Rentrer dans un personnage de femme forte au parler cru. Une femme qui s'affirme et qui n'a pas peur de le faire savoir. C'est la thématique d'«Oze», le nouveau cinq-titres de Mélanie Pérès. À découvrir en live, ce soir, au Festival La Isla 2068, au Château Labourdonnais.
Bûcher pendant un an sur des cours menant à un mastère à l'université de La Réunion. C'est ne plus être la même au départ qu'à l'arrivée. Surtout après avoir bouclé le programme en un an, quand d'autres en mettent deux.
La métamorphose chez Mélanie Pérès est tout ce qu'il y a de plus audible. Loud, diraient certains. Tant pis pour les esprits étriqués, pour les coincés et les faiseurs de promesses de tout poil. L'artiste clame: «Pas de time pou sa.»
Pas de temps à perdre. Son énergie créative, elle la canalise vers une nouvelle phase d'évolution. Un album-concept de cinq titres intitulé «Oze». Sorti le jeudi 9 mai, il est disponible sur les plateformes de téléchargement.
Cinq titres qui nous font basculer dans un univers techno-voix. Ne cherchez pas la chanson-titre «Oze». Il n'existe pas. C'est le concept de cette démarche artistique, qui va dans le sens de l'audace, de l'impudence. Labous sal. Pour assener des vérités. Un exercice de lâcher-prise, qui lui a «coûté pas mal», confie-t-elle. «Mais ma mission est accomplie parce que cela fait réagir les gens.»
Ce que Mélanie Pérès ose, c'est l'affirmation d'un personnage féminin fort en gueule, fort en convictions. En cinq chansons, nous tombons nez à nez avec un personnage kare kare. Sans concessions. «Si to ankor dan zip to mama/Pa gagn letan pou al fatig mwa», dit la chanson Mo attract. Le dernier titre, Kan vini vinn drwat, lance la boucle : Mo bien kare (...) Monn ase bes lizie. Histoire d'enfoncer le clou.

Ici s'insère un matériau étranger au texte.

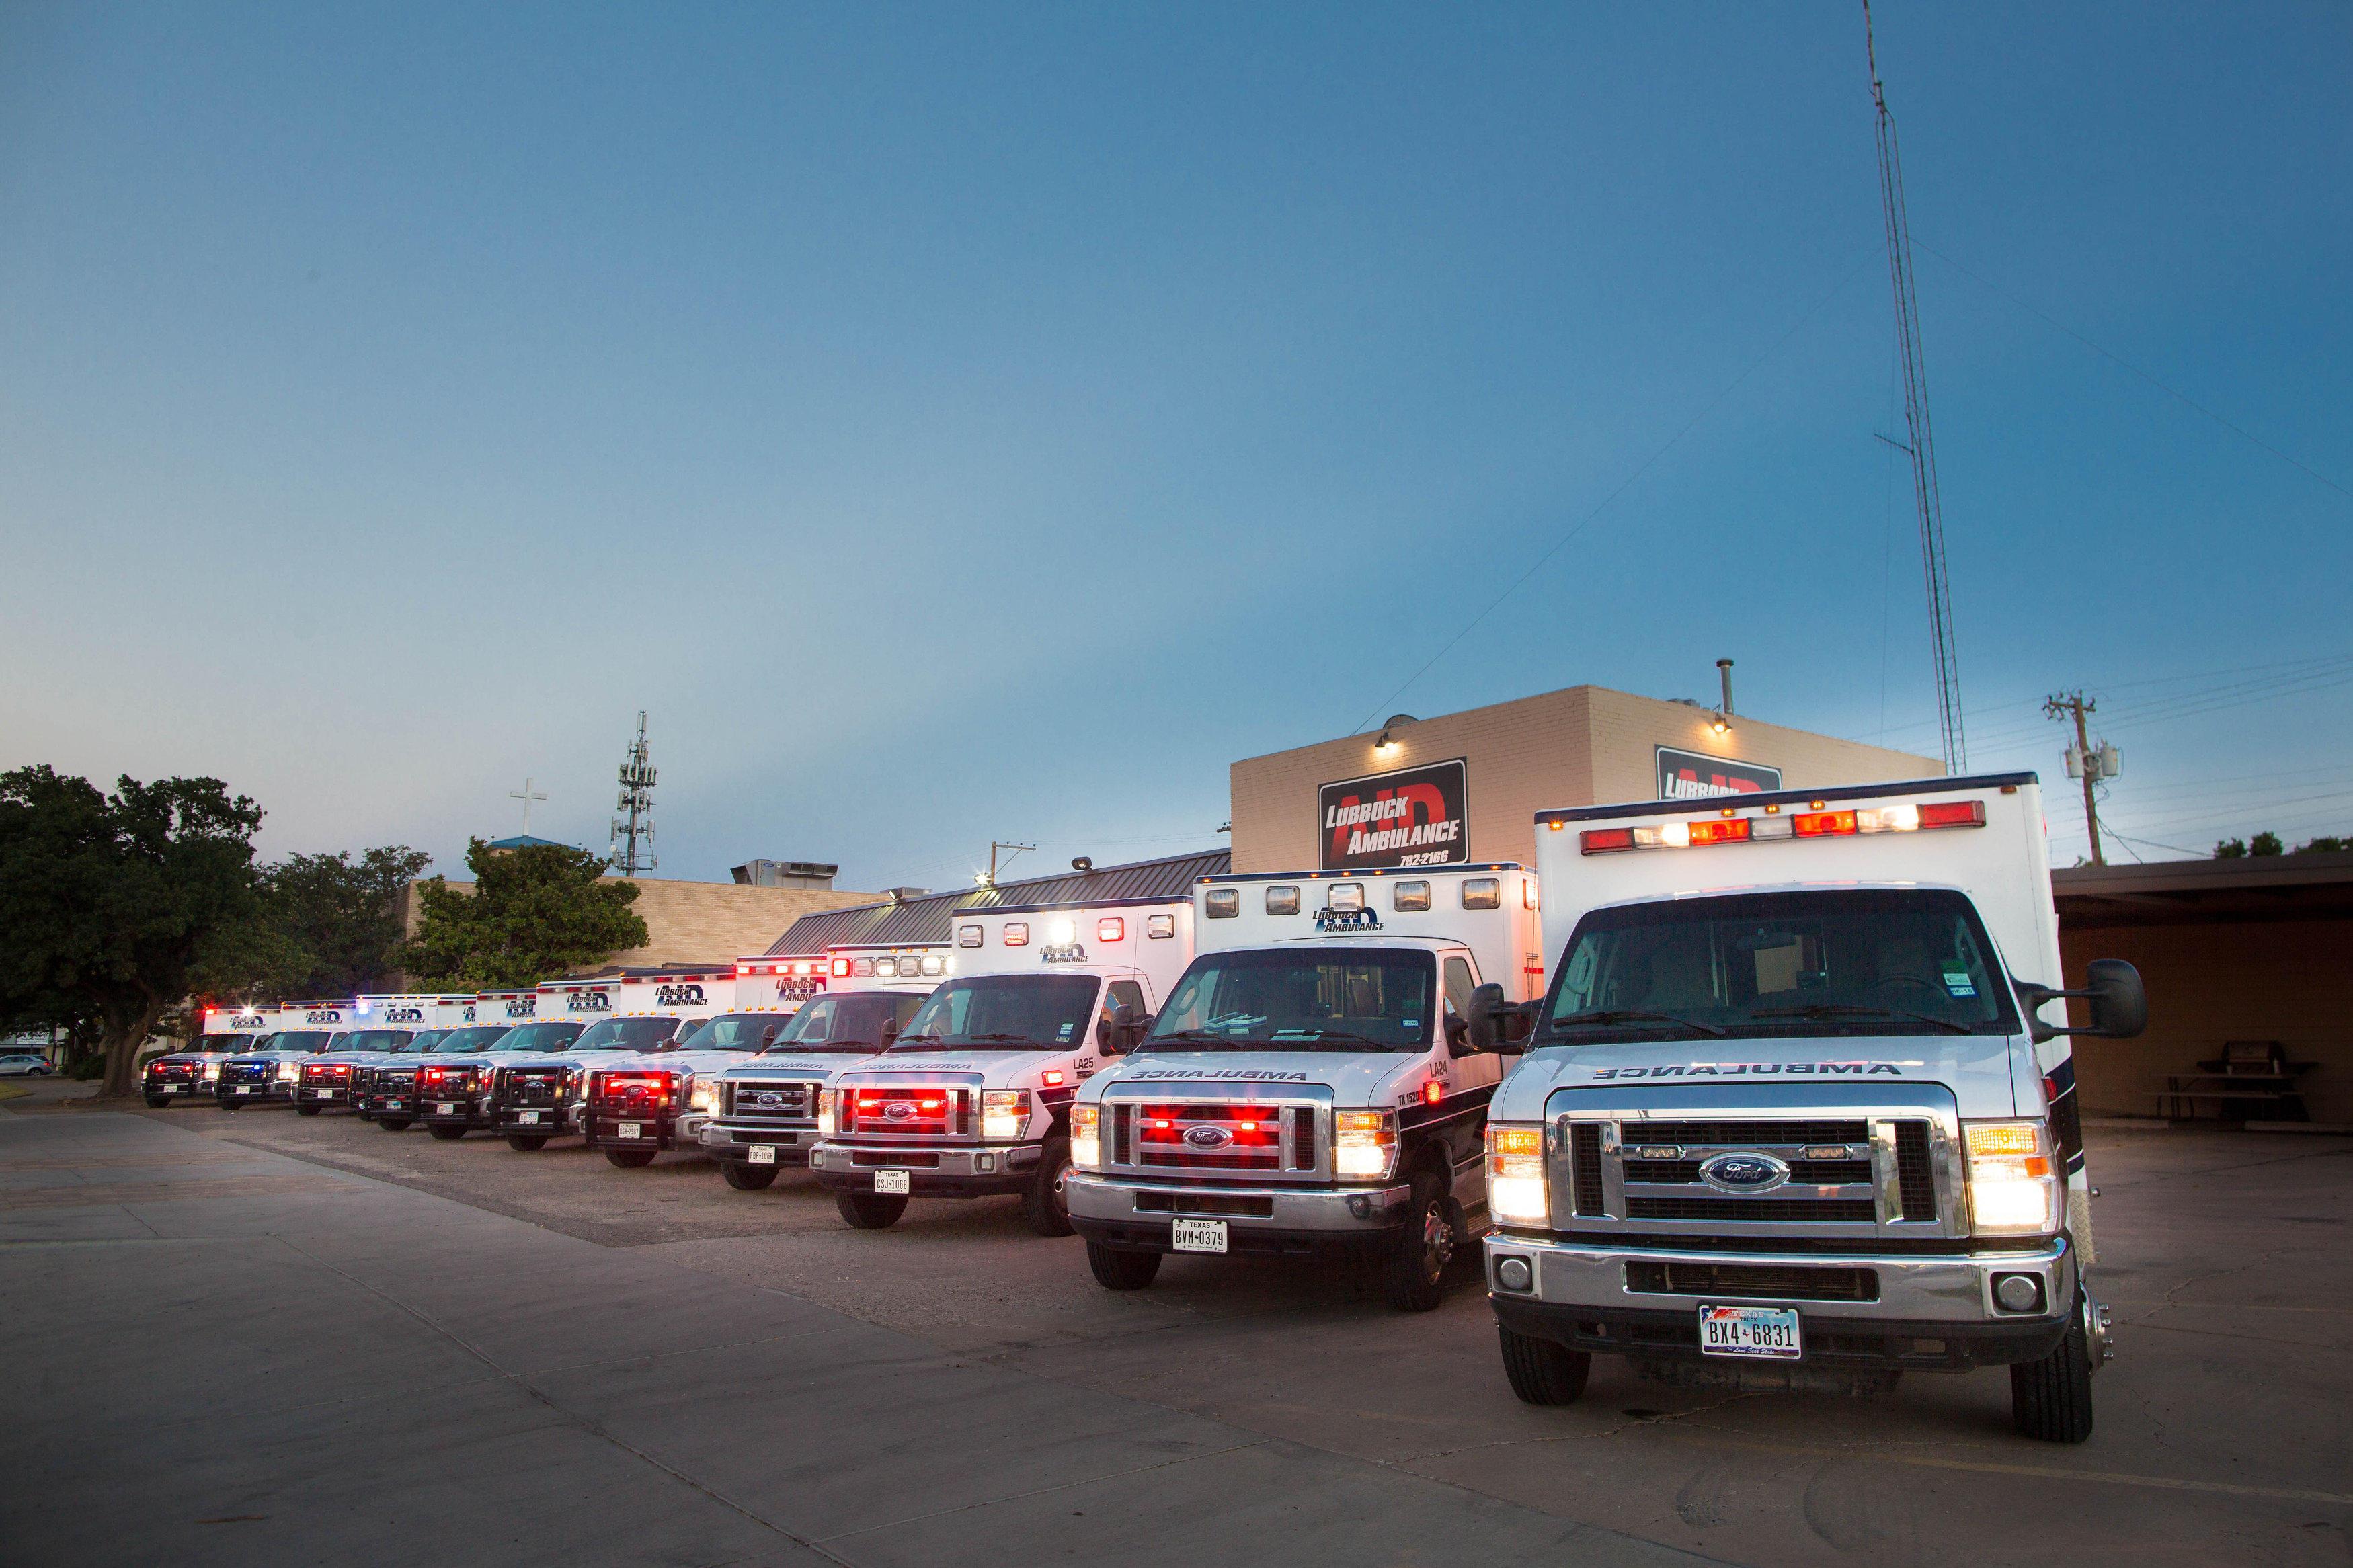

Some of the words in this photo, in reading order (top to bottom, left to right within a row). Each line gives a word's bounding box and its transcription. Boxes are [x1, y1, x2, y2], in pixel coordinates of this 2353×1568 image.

[1665, 772, 1739, 798] LUBBO
[1326, 796, 1409, 829] LUBBOCK
[1347, 819, 1460, 855] AMBULANCE
[1400, 850, 1449, 866] 792-2166
[1324, 922, 1384, 932] AMBULANCE
[1047, 955, 1089, 964] AMBULANCE
[776, 980, 815, 989] LUBBOCK
[655, 988, 690, 996] LUBBOCK
[1074, 1057, 1094, 1069] LA25
[1429, 1060, 1447, 1078] LA24
[1398, 1094, 1406, 1106] TX
[1195, 1131, 1216, 1143] Ford
[1723, 1163, 1762, 1180] Ford

Cette force, cette rage, «a tout le temps été chez la femme, mais elle a été amoindrie au fil du temps. C'est l'heure de faire sortir tout ça», affirme Mélanie Pérès. «Pour reprendre la place qui nous revient.» Elle s'inscrit dans une mouvance où de plus en plus de femmes libèrent leur parole pour «dire les choses telles qu'elles sont. Cela se fait beaucoup dans la musique en ce moment». Mélanie Pérès parle de la Réunionnaise Maya Kamaty comme de «l'exemple que nous avons de plus proche mais il y en a tellement d'autres que je suis allée écouter». Elle cite aussi Gotopo et Shygirl, entre autres.

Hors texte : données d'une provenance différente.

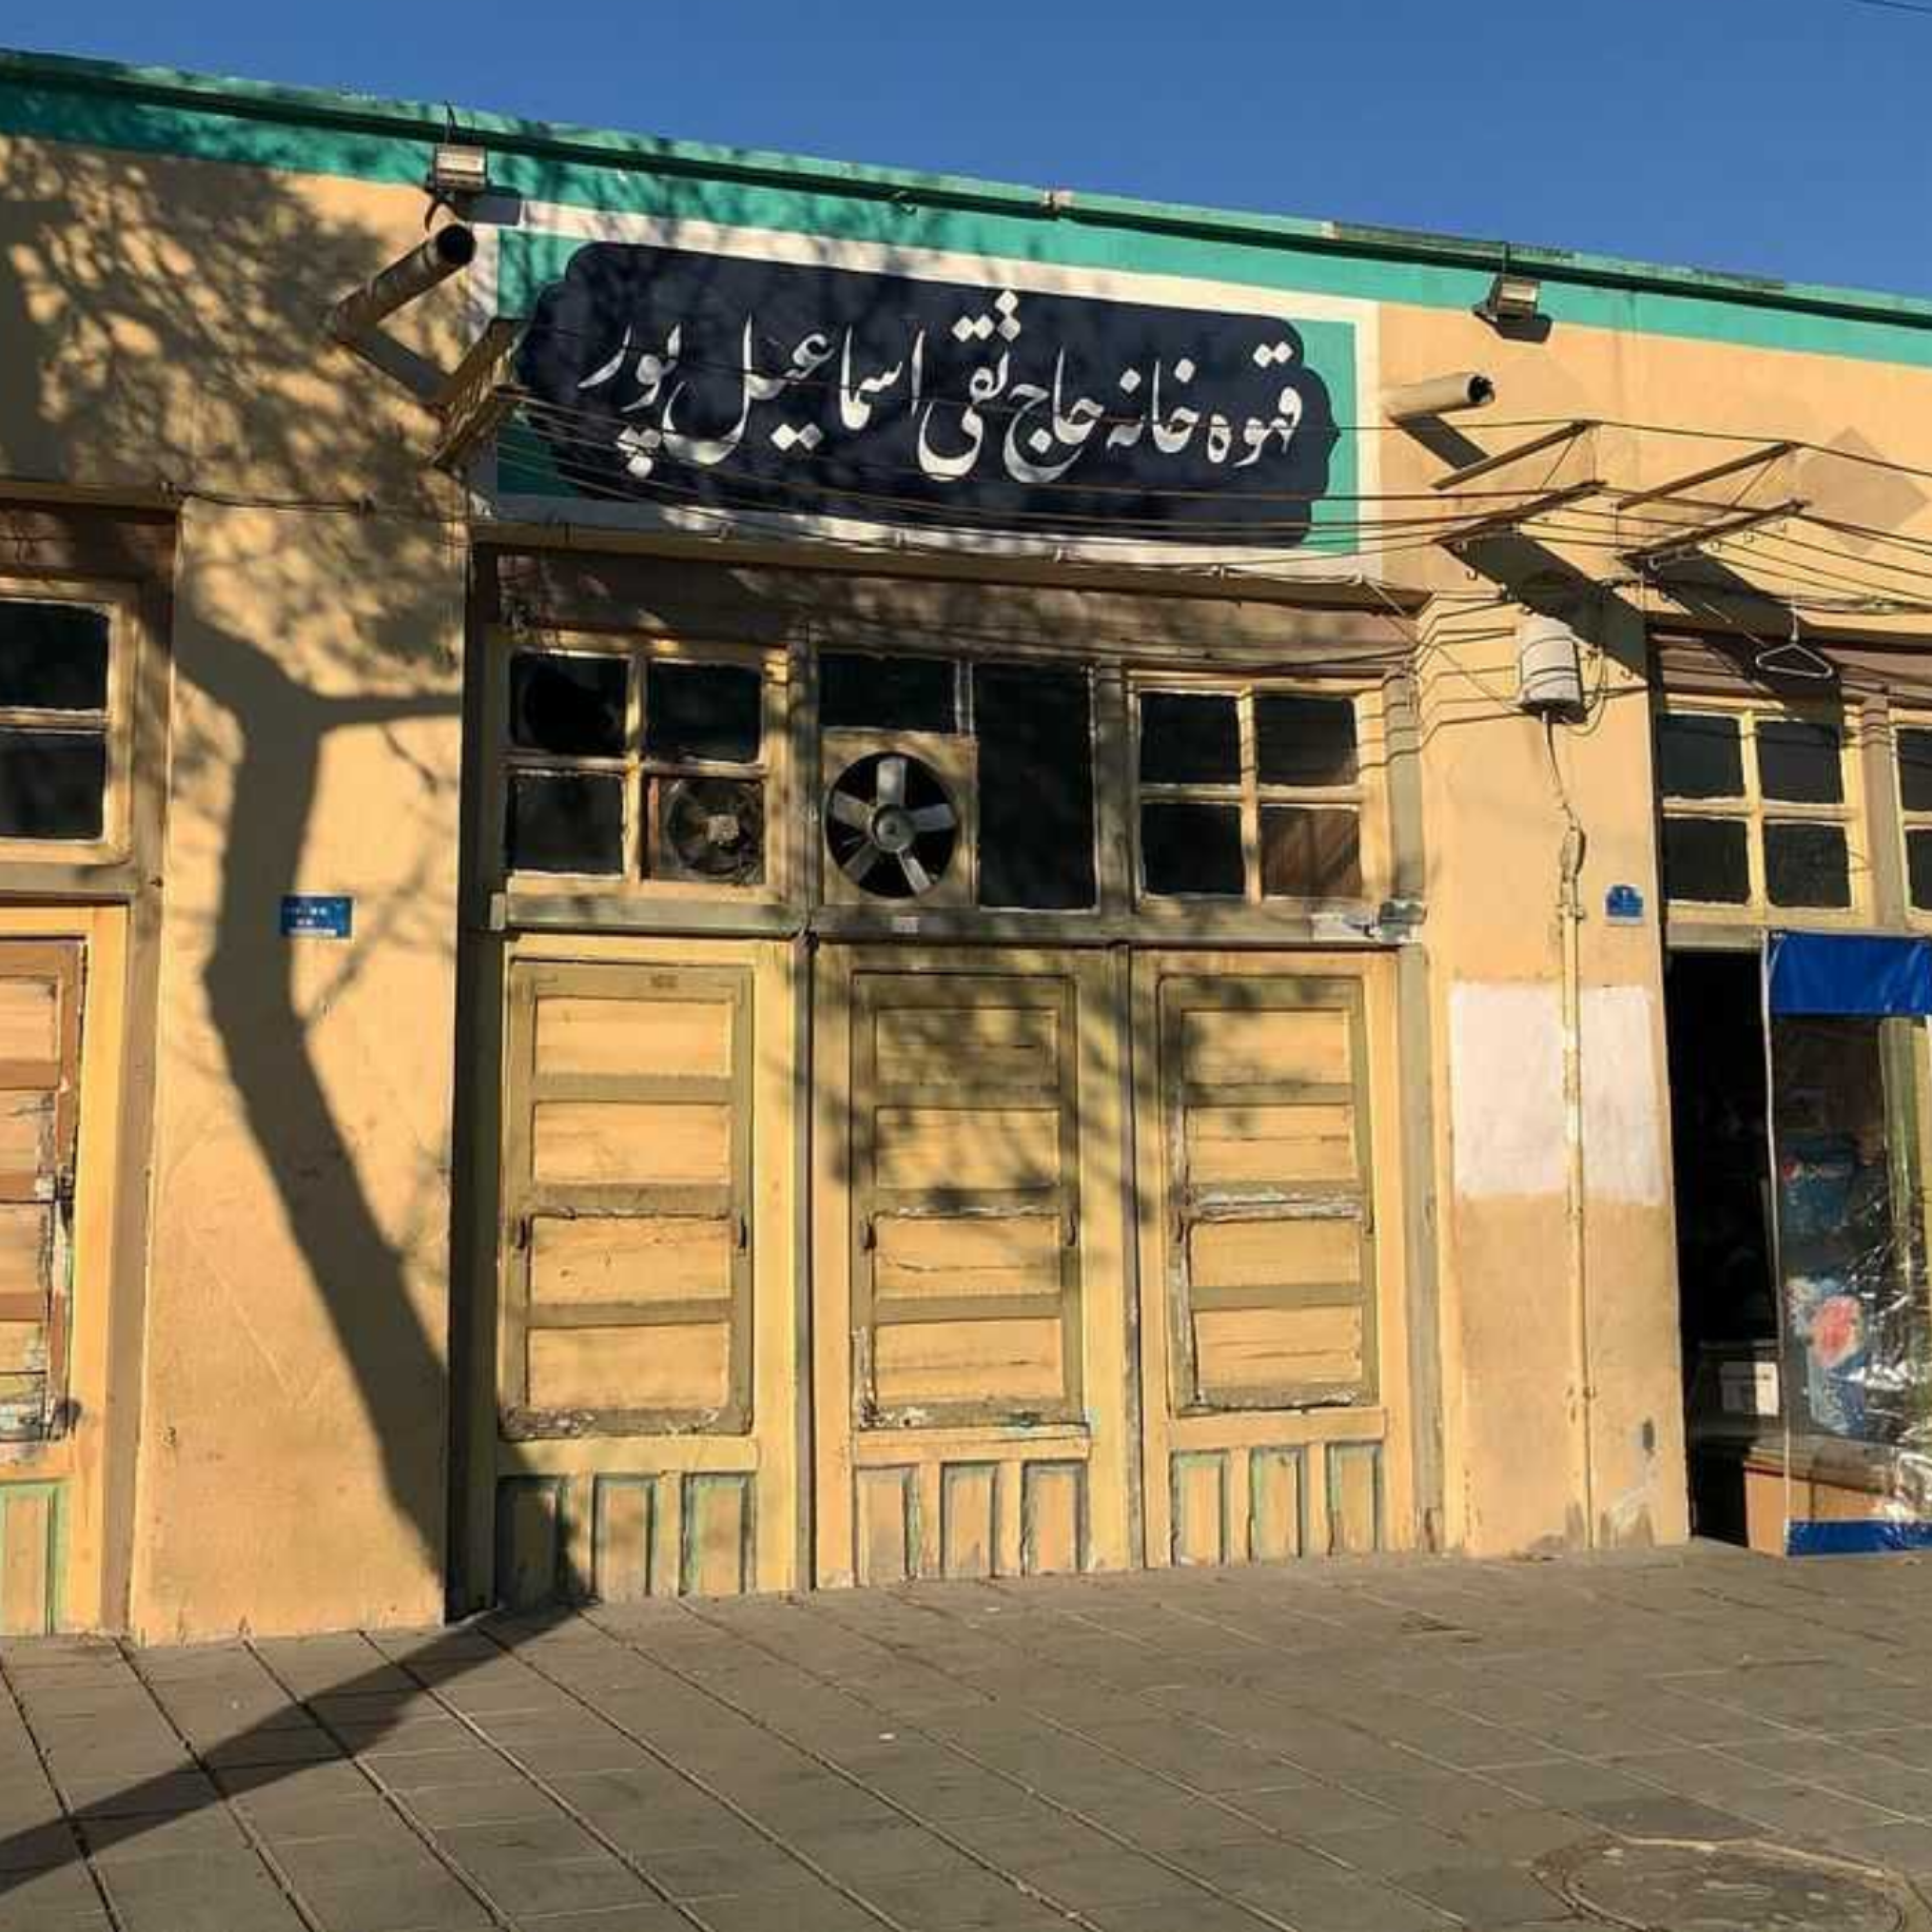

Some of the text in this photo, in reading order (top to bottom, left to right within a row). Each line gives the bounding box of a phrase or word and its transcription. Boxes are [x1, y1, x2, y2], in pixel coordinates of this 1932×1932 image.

[578, 289, 1302, 484] قهوه خانه حاج تقی اسماعیل پور

Cette inspiration/transpiration a été travaillée pendant une résidence artistique, en mai 2023, à La Réunion, avec le beat breaker Be Bass. À l'époque, Mélanie Pérès est au beau milieu de ses questionnements académiques sur le «ghetto kreol à Maurice. Comment ce parler du ghetto kreol nourrit la langue». Elle estime que le moment est alors venu de faire sortir ce ghetto kreol «de la bouche d'une fille». Artistiquement, elle souhaite négocier un virage à la corde. «Je ne voulais pas refaire les mêmes choses en rentrant à Maurice.»
Par le biais du producteur Jimmy Veerapin, de Culture Events, le contact est établi avec Be Bass. Pour un «long travail avant d'arriver à ce personnage». Celui qui module sa fureur de vivre sur «Oze». «Jusqu'aujourd'hui, j'apprends à rentrer dans ce personnage», confie l'artiste. Un personnage qui n'est pas frileux question gros mots. Et qui balance dans «Vander», le morceau d'ouverture :
«Bann vander rev
Zot nek rass bouse manze
Apre zwe sin
Ar bann etranze
Zot deklar pli bel patron
Si tir tou sa res lapo kinton
Sanse sov ras kouyon
Pe pran ti dimounn pou enn bann boufon
Nou nepli ena letan
Nou gagn kont ki zot roulman
Ki pe krwar pe koz ar zanfan ?
Fode ena nou pou zot res divan»
En intro, «Oze» joue une bande-son de nos vies. Quelqu'un frappe à différentes portes. Quand la première s'ouvre, on entend sur fond de brouhaha, la phrase : «I order you out.» Suivie d'une déclaration restée dans les annales : «Vacoas pou vinn enn Manhattan.» Mélanie Pérès affirme : «Je voulais vraiment attirer l'attention sur tous ces classiques. Dire qu'il faut arrêter de nous prendre pour des cons.» Mise en contexte avant que ne démarre le titre «Vander». Car la techno-voix de Mélanie Pérès se veut chanson «engagée». Pour, en cinq morceaux, parler de politique, de féminisme, de société. Pour danser sur le beat. Tout en se laissant porter par le texte.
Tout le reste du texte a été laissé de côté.